O enredo mudou totalmente. E por isso, tive dificuldades com a mensagem do samba. E fiquei estupefato com o desfile. Tive de reorganizar a mente, desconstruir as expectativas e os conceitos que havia solidificado na mente.

Ao mesmo tempo, senti a reação visceral de todos que viram o desfile, uns êxtase, outros horrorizados.

A Beija-Flor conseguiu a emoção extrema, e isso é o mais importante para a arte.

A estética era o choque total. Não havia lógica setorizada. Era apenas paulada atras de paulada. E você que se virasse. O desfile sobre os abandonados virou um desfile mostrando a opressão de forma crua, sem retoques. Foram tiros à queima-roupa.

A Beija-Flor fez o diferente. Como escola de samba, achei Mangueira o melhor desfile. Como manifestação artística, a Beija-Flor foi o extremo do extremo.

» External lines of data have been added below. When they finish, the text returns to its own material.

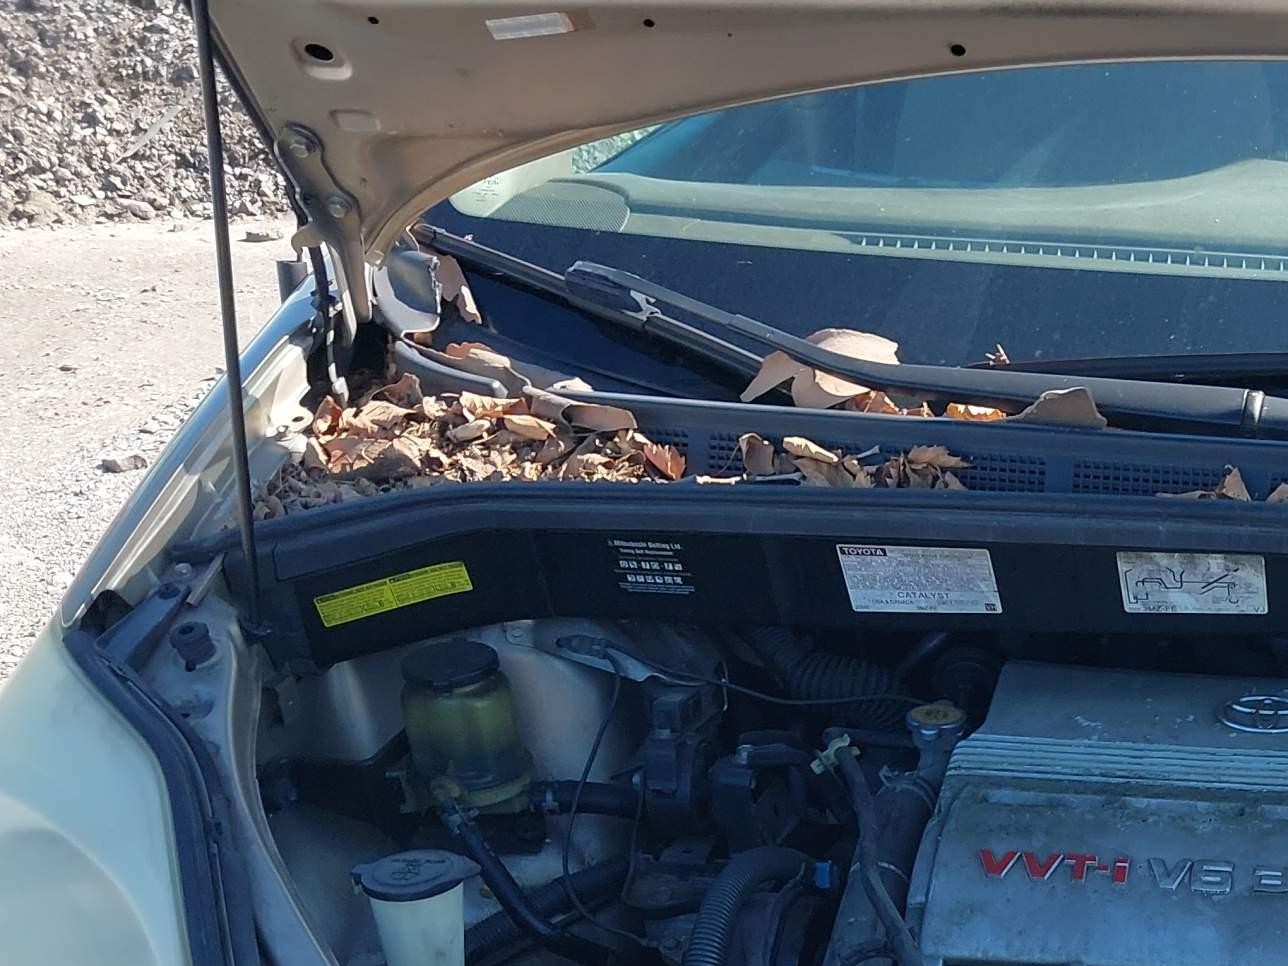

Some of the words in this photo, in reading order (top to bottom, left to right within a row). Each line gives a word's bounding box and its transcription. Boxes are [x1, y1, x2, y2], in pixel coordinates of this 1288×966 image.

[842, 547, 885, 556] TOYOTA
[897, 591, 951, 600] CATALYST
[979, 849, 1131, 885] VVT-i
[1149, 857, 1236, 896] V6
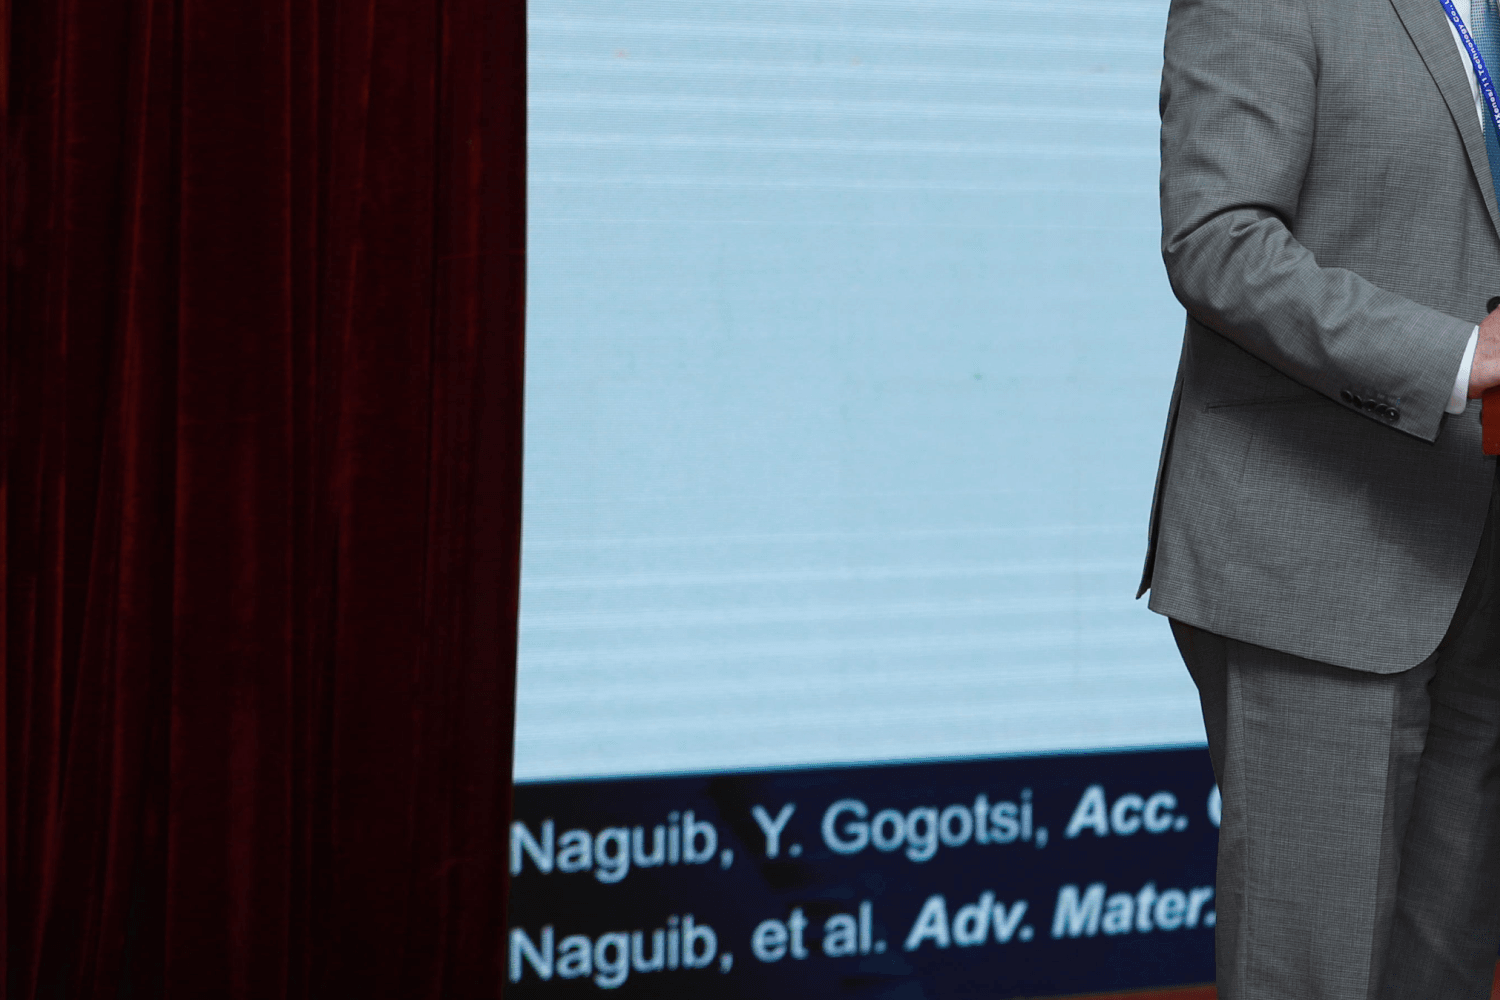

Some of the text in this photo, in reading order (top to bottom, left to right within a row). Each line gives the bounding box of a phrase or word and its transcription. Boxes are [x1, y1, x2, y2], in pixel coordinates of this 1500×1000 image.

[1458, 24, 1485, 77] Technology
[509, 809, 734, 884] Naguib,
[752, 802, 802, 859] Y.
[821, 787, 1049, 862] Gogotsi,
[1064, 783, 1188, 839] Acc.
[508, 913, 734, 990] Naguib,
[752, 907, 808, 963] et
[822, 900, 887, 958] al.
[904, 890, 1034, 950] Adv.
[1051, 880, 1216, 940] Mater.
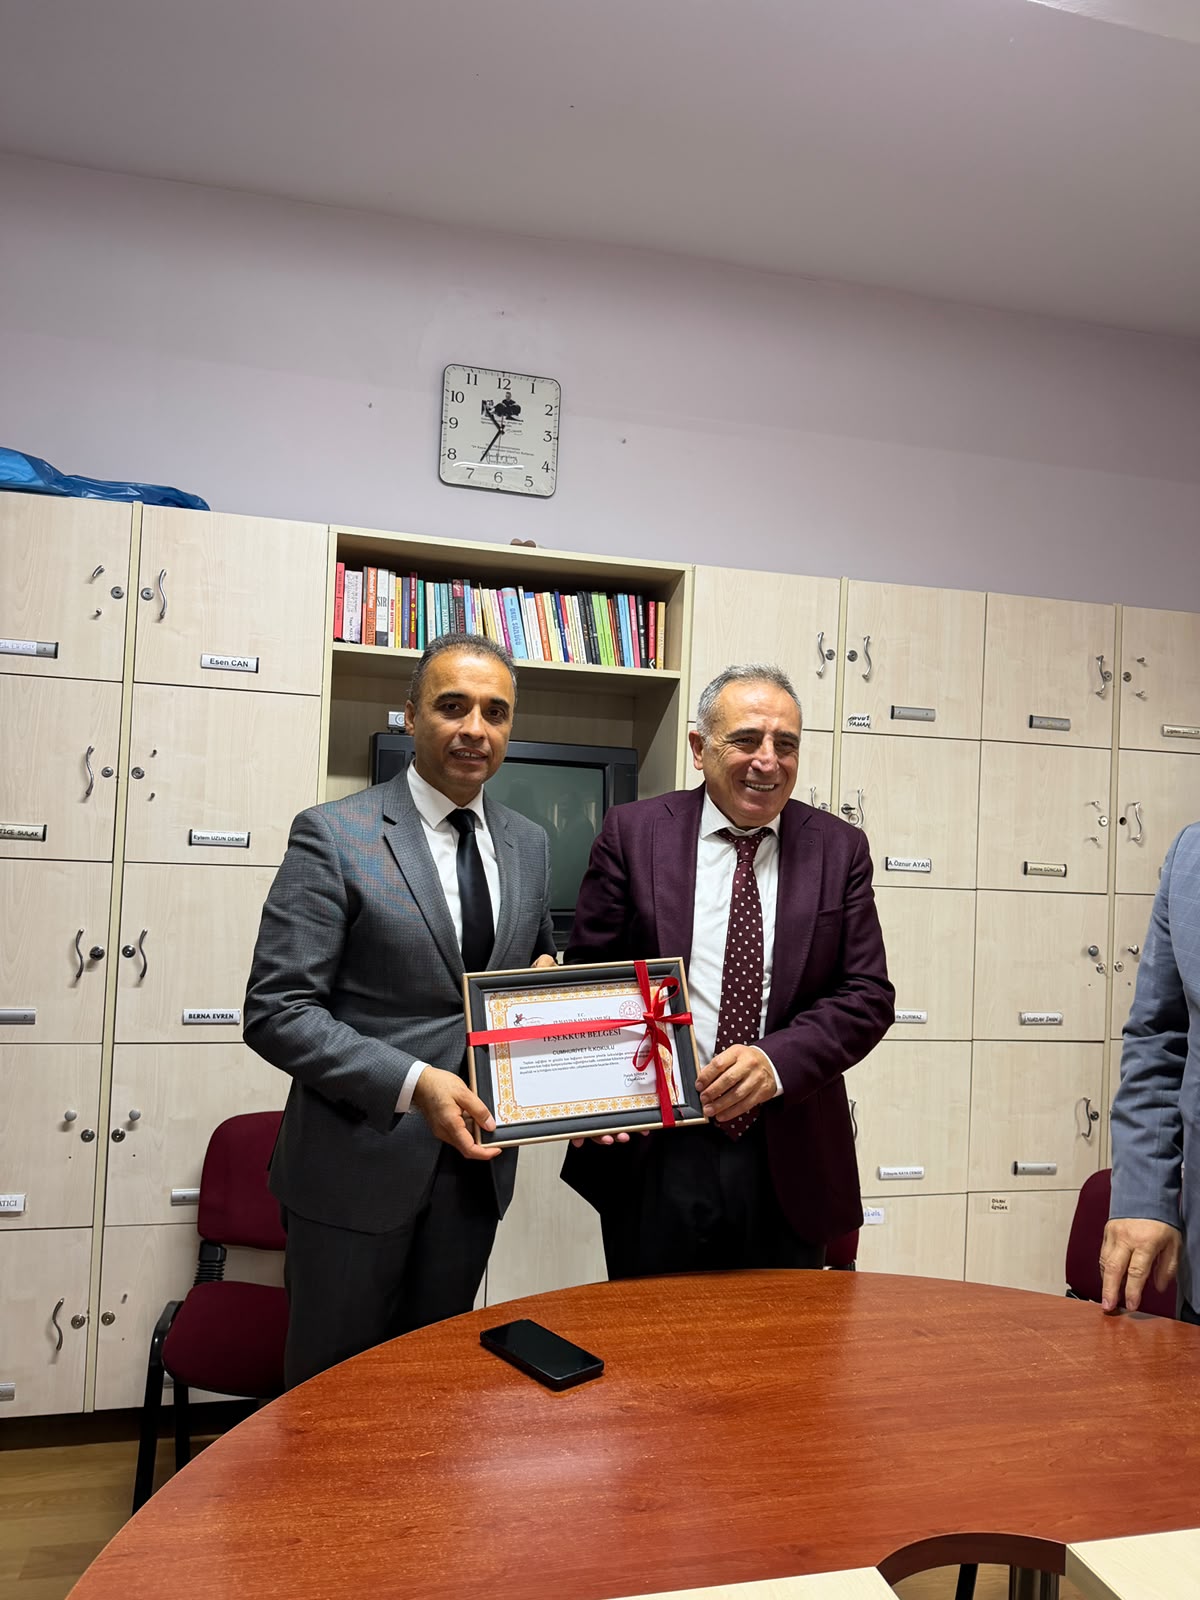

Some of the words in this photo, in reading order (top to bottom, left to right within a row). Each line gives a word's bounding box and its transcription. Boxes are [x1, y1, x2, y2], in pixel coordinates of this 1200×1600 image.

Os dois desfiles foram o que mexeram e desafiaram a mesmice. Eu gostaria da campeã saindo de uma das duas.

Outra campeã será a vitória do modelo vigente. E está na hora de chacoalhar as coisas.

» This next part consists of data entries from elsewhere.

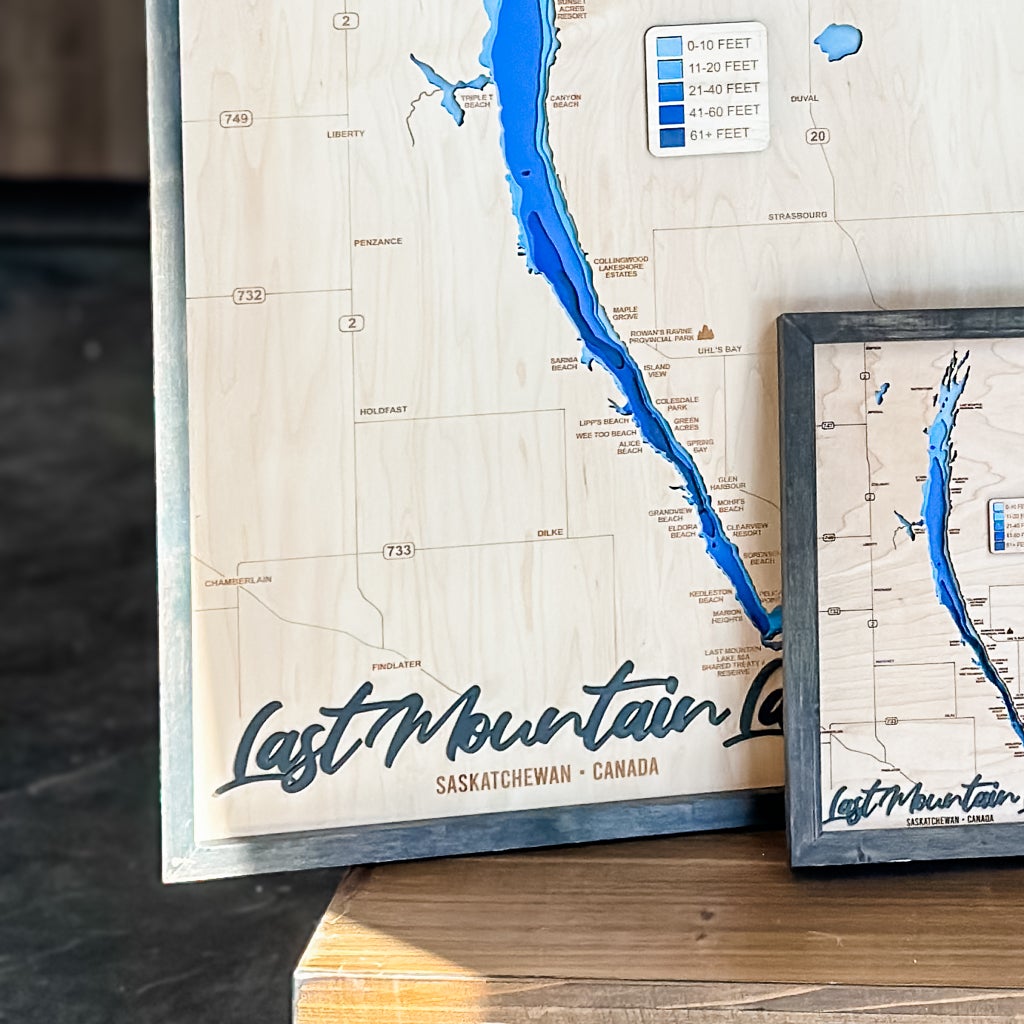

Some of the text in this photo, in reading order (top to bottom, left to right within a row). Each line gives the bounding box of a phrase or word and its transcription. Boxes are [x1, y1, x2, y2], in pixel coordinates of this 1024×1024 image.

[342, 16, 350, 26] 2
[687, 38, 752, 51] 0-10 FEET
[688, 60, 759, 73] 11-20 FEET
[688, 82, 760, 95] 21-40 FEET
[791, 94, 818, 102] DUVAL
[689, 104, 760, 118] 41-60 FEET
[224, 113, 248, 124] 749
[327, 130, 365, 139] LIBERTY
[690, 126, 749, 139] 61+ FEET
[810, 130, 826, 141] 20
[768, 211, 828, 220] STRASBOURG
[354, 238, 402, 246] PENZANCE
[238, 290, 262, 301] 732
[348, 318, 356, 328] 2
[360, 405, 407, 415] HOLDFAST
[537, 528, 564, 537] DILKE
[387, 544, 412, 557] 733
[204, 575, 272, 588] CHAMBERLAIN
[371, 660, 422, 672] FINDLATER
[212, 658, 783, 798] Last Mountain La
[436, 757, 659, 795] SASKATCHEWAN CANADA
[821, 779, 884, 826] Last
[878, 774, 1021, 814] Mountain
[906, 814, 994, 826] SASKATCHEWAN CANADA
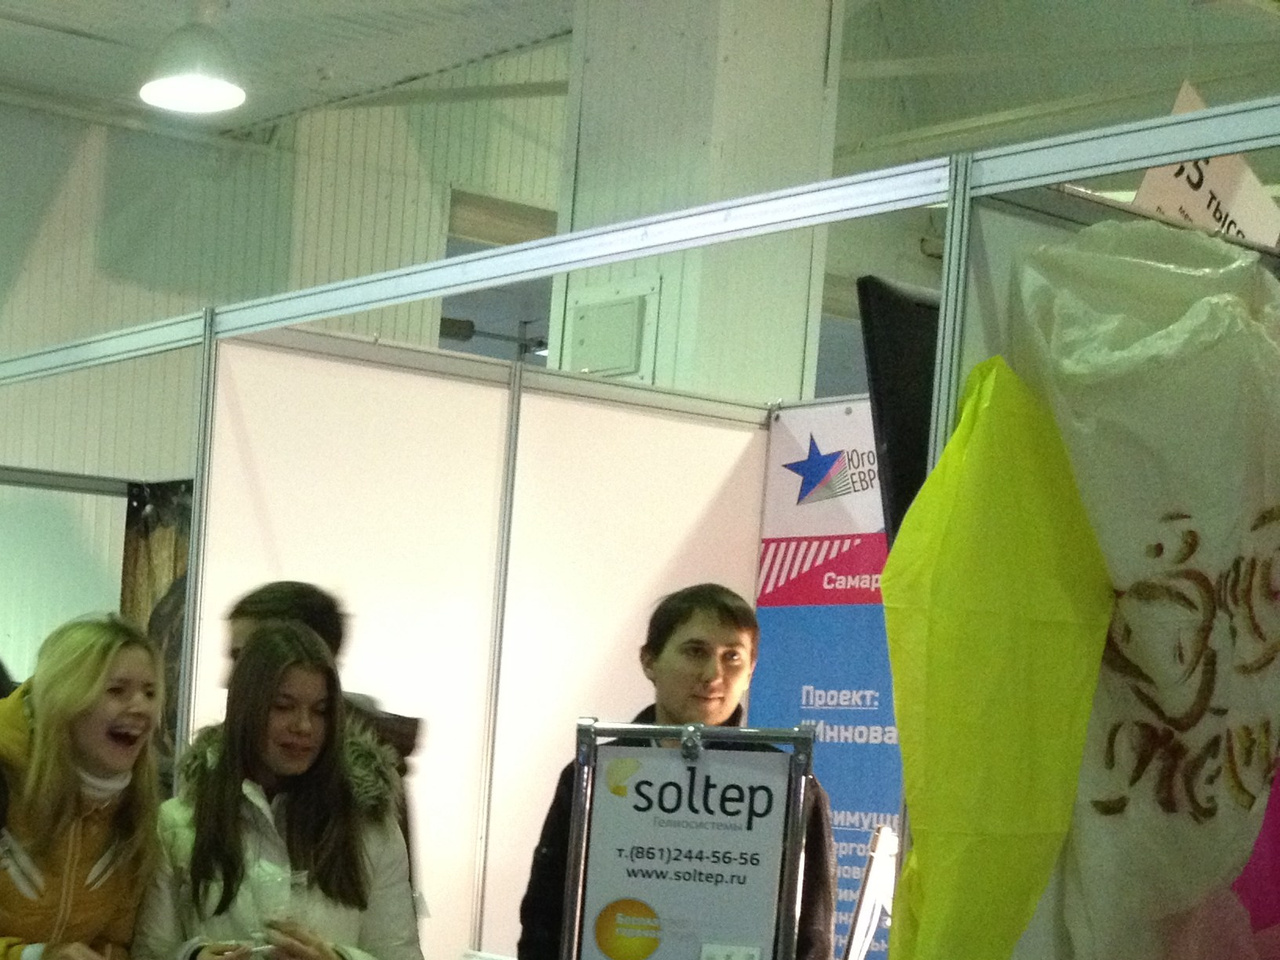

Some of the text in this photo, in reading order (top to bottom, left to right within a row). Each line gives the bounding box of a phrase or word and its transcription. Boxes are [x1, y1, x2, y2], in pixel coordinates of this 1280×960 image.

[801, 685, 879, 708] Проект:
[632, 766, 774, 831] soltep
[626, 868, 747, 886] www.soltep.ru

O primeiro dia de desfiles do Rio foi um confronto entre a expectativa e a realidade. De quem se esperava muito, veio a decepção.

Acredito que o problema é que a expectativa era irreal. Então, um desfile razoável como Vila Isabel se transforma num horror porque Paulo Barros não pode apenas fazer um desfile razoavel, tem de botar o mundo de pernas pro ar. Mangueira não foi uma catarse total, teve otimos momentos, mas para alguns tinha de ser o começo de uma revolta popular pra tirar o prefeito do poder. Mocidade tinha de ser exuberante e o samba funcionar como o Ita.

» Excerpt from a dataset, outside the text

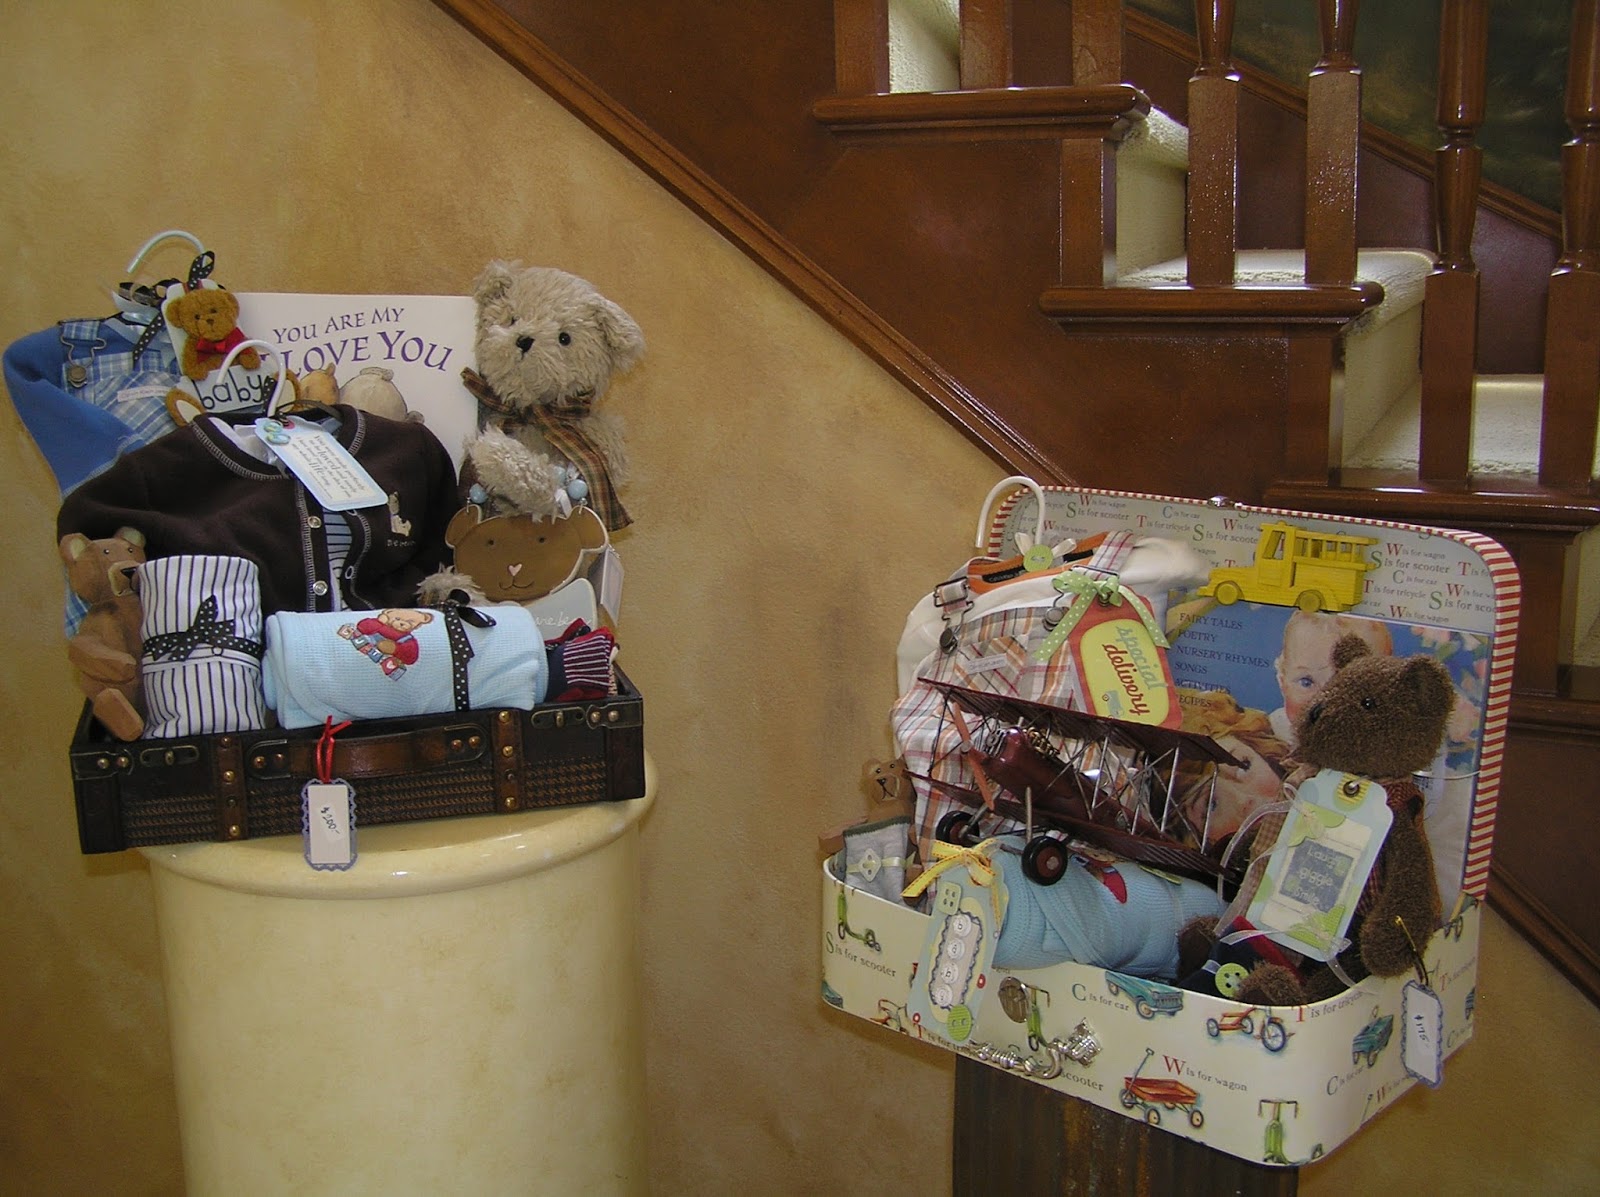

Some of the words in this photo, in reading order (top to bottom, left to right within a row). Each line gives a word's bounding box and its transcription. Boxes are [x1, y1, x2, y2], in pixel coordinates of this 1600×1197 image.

Do Tuiuti, ninguém esperava nada. Veio um bom desfile, com uma mensagem inteligente. Já tem gente querendo dar o caneco pra escola.

Não vejo assim. Vejo o Império rebaixado. Vejo a São Clemente correndo sérios riscos pelo samba fraco que esfriou a escola. Vejo a Vila brigando pela campeãs. Vejo Grande Rio numa posição ruim pelos problemas, mas com nota suficiente pra se manter sem susto. Vejo Mangueira e Mocidade bem.

E vejo o Tuiuti com uma incógnita total.

É um desfile bom, que daria um ótimo sétimo ou oitavo lugar numa escola com mais peso. E o problema é justamente esse - qual vai ser o peso da bandeira no julgamento?

A internet abraçou a escola. É a eterna torcida pelo azarão. Quando há uma superação tão grande, a gente tende a ter simpatia. E o confronto entre expectativa e realidade foi muito positivo pro Tuiuti.

Para o jurado, no entanto, a responsabilidade pesa no momento de decisão da nota. Por isso, não me surpreenderia com um rebaixamento.

A escola fez um desfile que talvez renda a permanência. Pode ser uma referência pra futuros desfiles de escolas com ambições semelhantes. Acredito que vai brigar ponto a ponto pra não cair. Mas não vejo muito mais do que isso não.

Se eu fosse chutar, neste momento, acho que a escola ficará em décimo primeiro, o que seria histórico e motivo de orgulho para sua comunidade. O samba da São Clemente, que sempre me incomodou demais pela total ausência de qualquer sentimento, que eu sempre disse que pra mim era o pior do ano no Especial e arrastou todos os quesitos de chão, pode fazer a diferença, infelizmente.